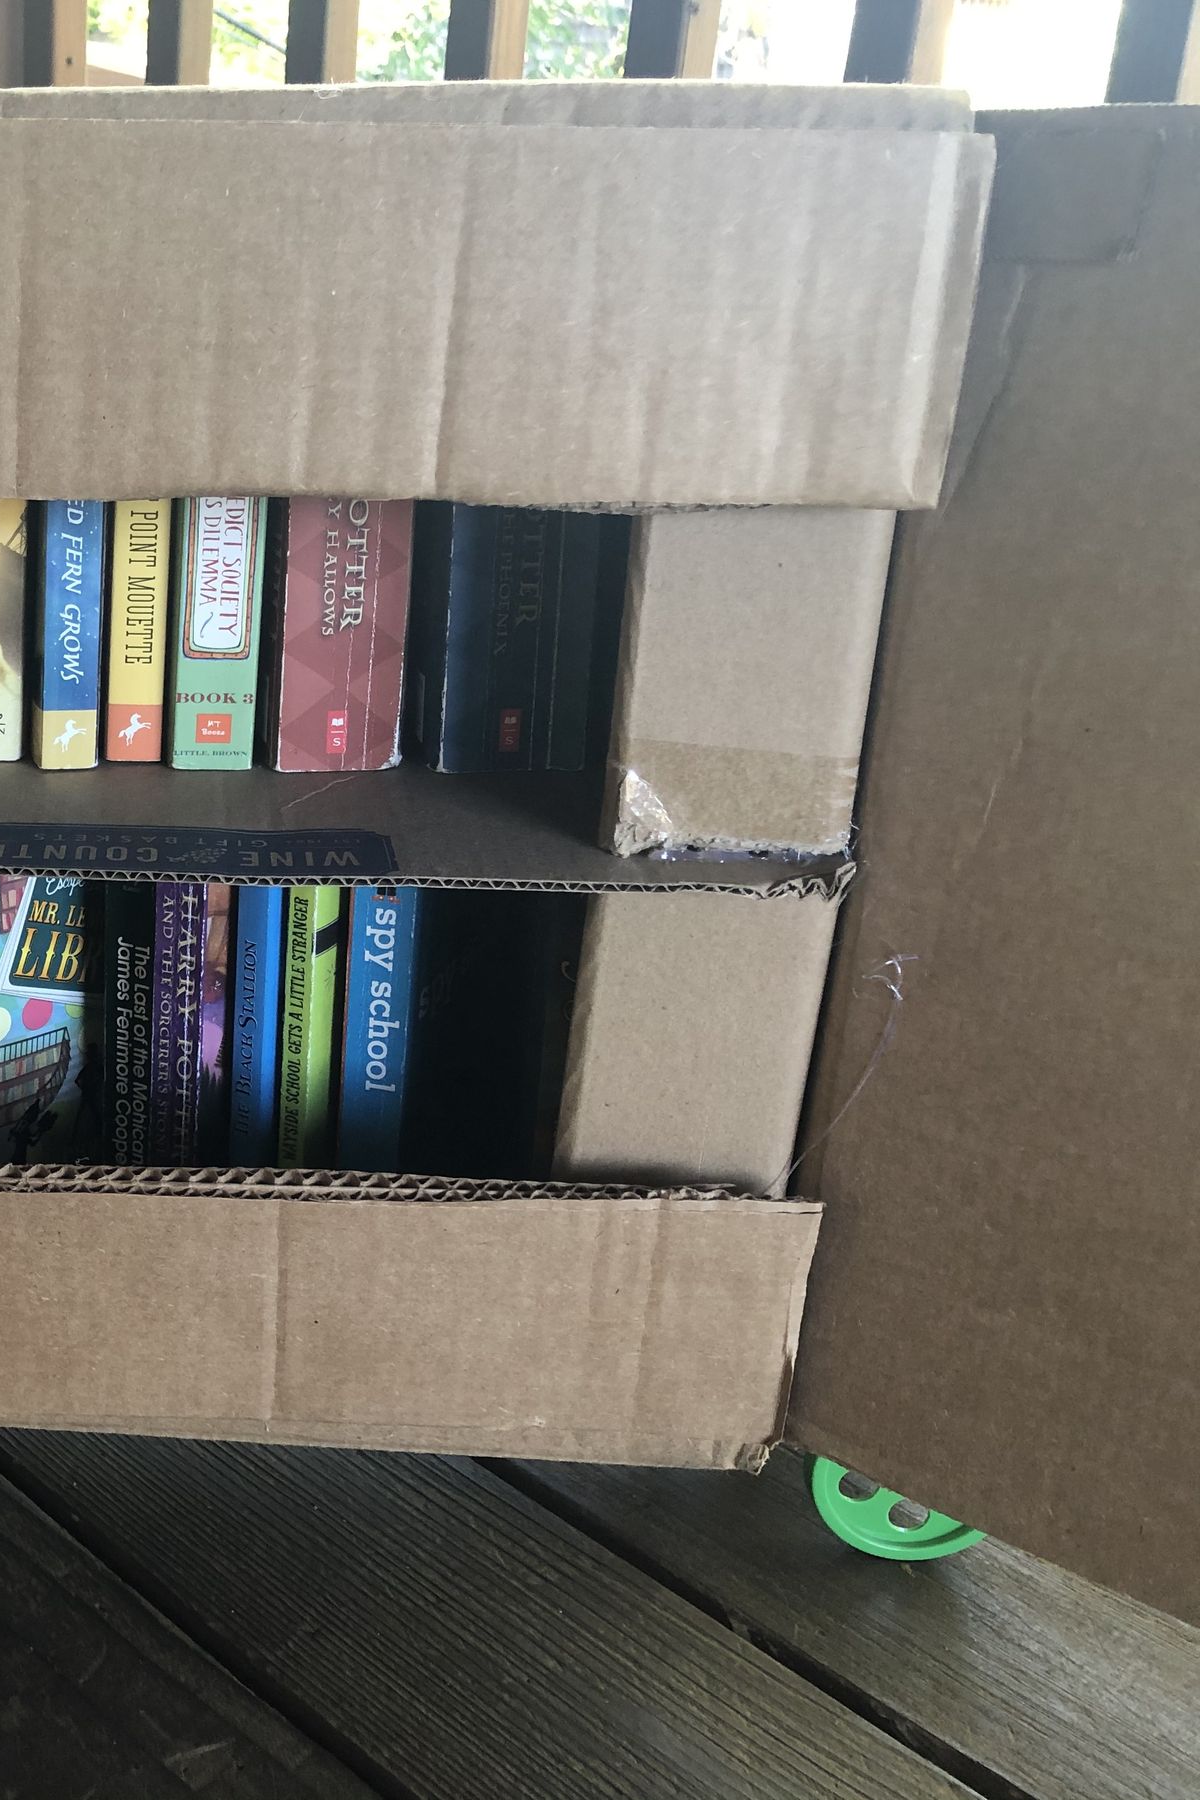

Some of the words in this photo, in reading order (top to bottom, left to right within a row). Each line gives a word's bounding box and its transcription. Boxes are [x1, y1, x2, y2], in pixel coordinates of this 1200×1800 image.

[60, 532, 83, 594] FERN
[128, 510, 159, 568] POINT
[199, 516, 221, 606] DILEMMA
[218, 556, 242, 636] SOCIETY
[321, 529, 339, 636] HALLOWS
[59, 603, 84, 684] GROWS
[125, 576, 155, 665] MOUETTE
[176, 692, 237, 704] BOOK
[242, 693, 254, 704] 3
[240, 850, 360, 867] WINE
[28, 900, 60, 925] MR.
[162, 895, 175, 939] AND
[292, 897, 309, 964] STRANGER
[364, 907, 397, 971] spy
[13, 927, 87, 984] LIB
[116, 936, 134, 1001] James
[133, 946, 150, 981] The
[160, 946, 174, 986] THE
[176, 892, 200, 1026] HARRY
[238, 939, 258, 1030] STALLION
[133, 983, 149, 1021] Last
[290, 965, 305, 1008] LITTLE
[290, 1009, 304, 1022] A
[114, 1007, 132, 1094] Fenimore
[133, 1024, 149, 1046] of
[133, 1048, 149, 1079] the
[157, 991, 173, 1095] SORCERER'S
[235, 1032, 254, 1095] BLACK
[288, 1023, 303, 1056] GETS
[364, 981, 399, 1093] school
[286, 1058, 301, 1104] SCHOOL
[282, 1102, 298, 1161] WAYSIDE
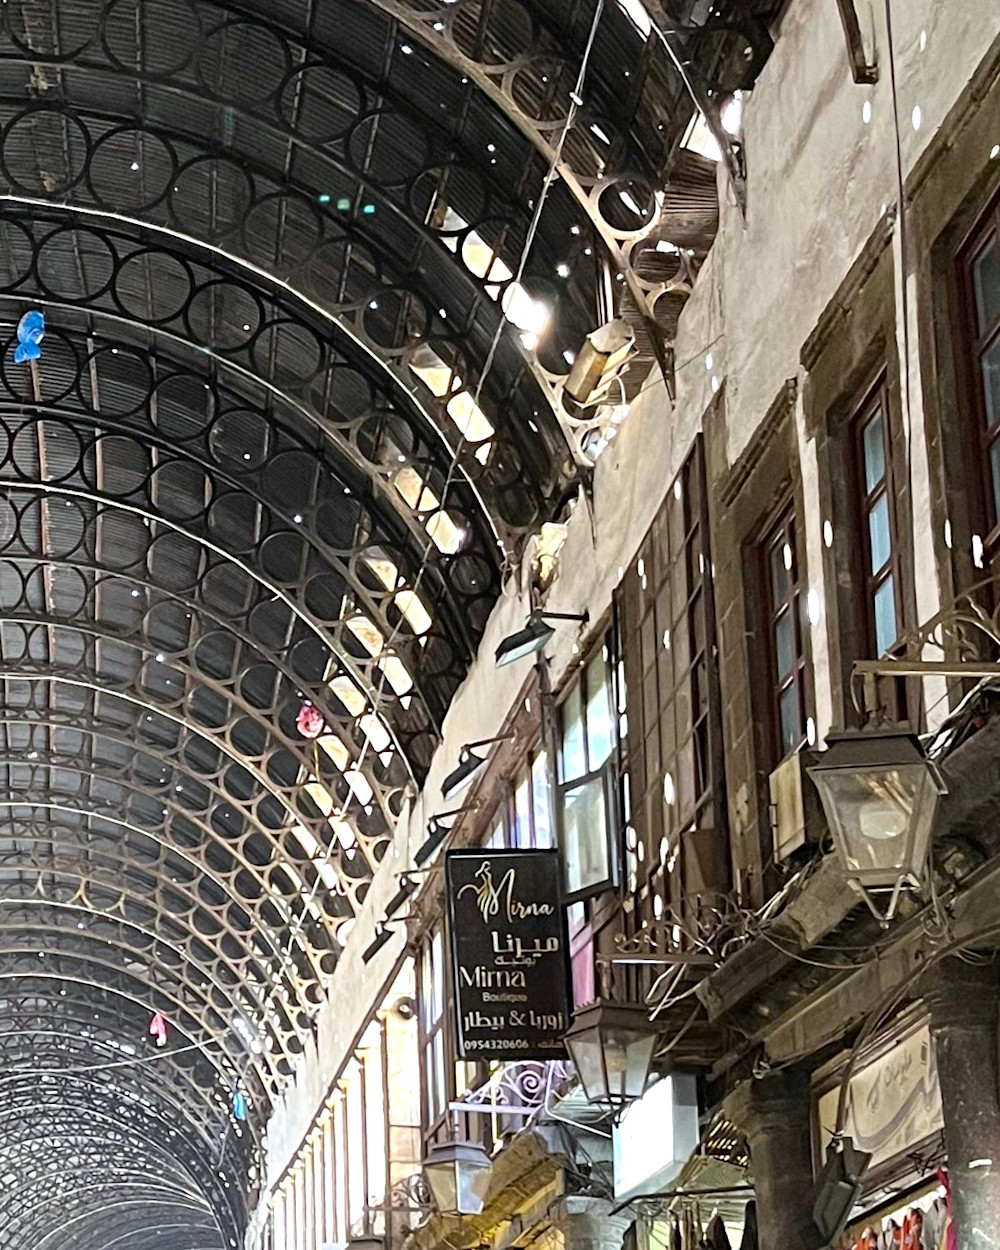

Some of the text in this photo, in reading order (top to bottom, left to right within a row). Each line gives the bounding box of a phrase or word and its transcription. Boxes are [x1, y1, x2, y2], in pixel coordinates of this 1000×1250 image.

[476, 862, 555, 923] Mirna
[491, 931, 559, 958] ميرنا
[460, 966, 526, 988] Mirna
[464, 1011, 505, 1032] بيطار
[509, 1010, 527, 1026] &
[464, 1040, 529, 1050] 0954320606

....

__Your objective__. Print out the material word for word, omitting the pictures.

__Result below__.
Some of the words in this photo, in reading order (top to bottom, left to right within a row). Each line gives a word's bounding box and its transcription. Boxes are [x1, y1, x2, y2], in pixel coordinates of this 1200×1800 image.

[60, 532, 83, 594] FERN
[128, 510, 159, 568] POINT
[199, 516, 221, 606] DILEMMA
[218, 556, 242, 636] SOCIETY
[321, 529, 339, 636] HALLOWS
[59, 603, 84, 684] GROWS
[125, 576, 155, 665] MOUETTE
[176, 692, 237, 704] BOOK
[242, 693, 254, 704] 3
[240, 850, 360, 867] WINE
[28, 900, 60, 925] MR.
[162, 895, 175, 939] AND
[292, 897, 309, 964] STRANGER
[364, 907, 397, 971] spy
[13, 927, 87, 984] LIB
[116, 936, 134, 1001] James
[133, 946, 150, 981] The
[160, 946, 174, 986] THE
[176, 892, 200, 1026] HARRY
[238, 939, 258, 1030] STALLION
[133, 983, 149, 1021] Last
[290, 965, 305, 1008] LITTLE
[290, 1009, 304, 1022] A
[114, 1007, 132, 1094] Fenimore
[133, 1024, 149, 1046] of
[133, 1048, 149, 1079] the
[157, 991, 173, 1095] SORCERER'S
[235, 1032, 254, 1095] BLACK
[288, 1023, 303, 1056] GETS
[364, 981, 399, 1093] school
[286, 1058, 301, 1104] SCHOOL
[282, 1102, 298, 1161] WAYSIDE

Some of the text in this photo, in reading order (top to bottom, left to right within a row). Each line gives the bounding box of a phrase or word and its transcription. Boxes are [x1, y1, x2, y2], in pixel coordinates of this 1000×1250 image.

[476, 862, 555, 923] Mirna
[491, 931, 559, 958] ميرنا
[460, 966, 526, 988] Mirna
[464, 1011, 505, 1032] بيطار
[509, 1010, 527, 1026] &
[464, 1040, 529, 1050] 0954320606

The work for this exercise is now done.